[BioC] retrieving mRNA sequences via biomaRt
Steffen at stat.Berkeley.EDU
Steffen at stat.Berkeley.EDU
Thu Aug 6 19:33:37 CEST 2009
Hi Simon,
The cdna attribute is the combination of 5utr + coding + 3utr so you can
remove 5utr, coding and 3utr from your list of attributes to retrieve. I
would take ensembl_transcript_id instead of embl.
Cheers,
Steffen
> Thanks, for the recommendation.
>
> So far, I just read Steffen's and your biomaRt users guide and had a
> look at the BioMart 0.7 Documentation, since I needed quick results.
> I'm going to have a look at the recommended book and paper, now.
>
>
> In the meantime, I got to a solution - but not a very satisfying one:
>
> ensembl = useDataset("hsapiens_gene_ensembl", mart=ensembl)
>
> myAttributes = c("embl", "cdna", "5utr", "coding", "3utr", "5_utr_end",
> "3_utr_start", "sequence_cdna_length","cds_length")
>
> ...
>
> qresult = getBM(attributes=myAttributes,
> filters=...,
> values=...,
> mart=ensembl)
>
> finalResult = mySeqCdsLengthFilter(qresult, c(3000, 5000), c(2000, 3000))
>
> For now, I parse my query results manually, using
> the values for "sequence_cdna_length" and "cds_length" as limits.
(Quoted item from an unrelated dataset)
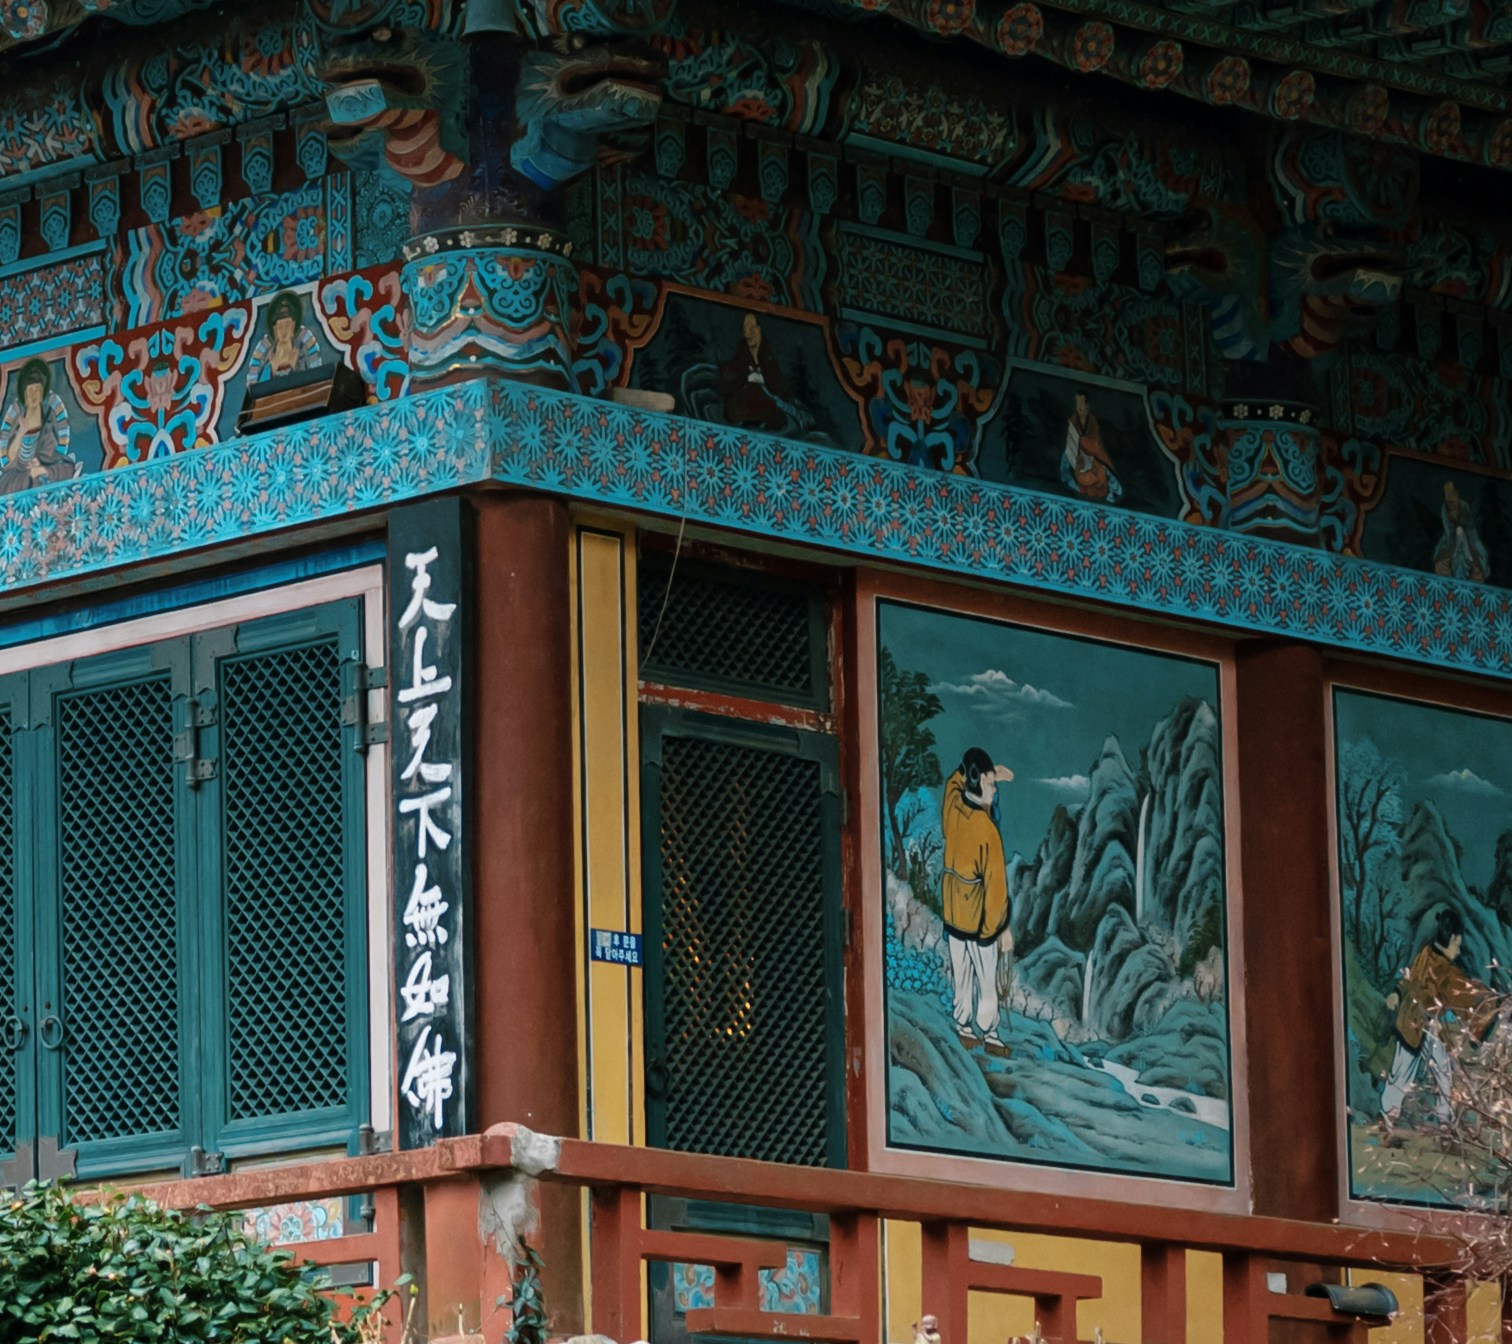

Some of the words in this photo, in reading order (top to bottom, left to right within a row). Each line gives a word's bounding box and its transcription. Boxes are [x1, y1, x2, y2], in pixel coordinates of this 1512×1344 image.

[397, 545, 457, 1130] 天上天下無如佛
> I wish these attributes were filters ...
> or there was a BioMart and a database, I could use in a linked query via
> getLDS.
>
> I'm still curious for a smarter solution.
>
>
> Best regards,
> Simon
>
>
> Wolfgang Huber wrote:
>>
>> Hi Simon,
>>
>> with all respect, for a first contact with the Bioconductor project I'd
>> also recommend studying some of the documentation.
>>
>> A (slightly biased) set of points to start with are the "Bioconductor
>> Case Studies" book by Hahne, Huber, Gentleman, Falcon and the paper
>> "Mapping identifiers for the integration of genomic datasets with the
>> R/Bioconductor package biomaRt." by Durinck et al. in Nature Protocols
>> 2009;4(8):1184-91.
>>
>> Best wishes
>> Wolfgang
>>
>>
>>
>>
>> Simon ha scritto:
>>> Hello everybody,
>>>
>>> I am trying to solve the following tasks as a first contact with the
>>> bioconductor project:
>>>
>>> # Task 1:
>>> # find:
>>> # * mRNA sequence (5'UTR, Coding region, 3'UTR)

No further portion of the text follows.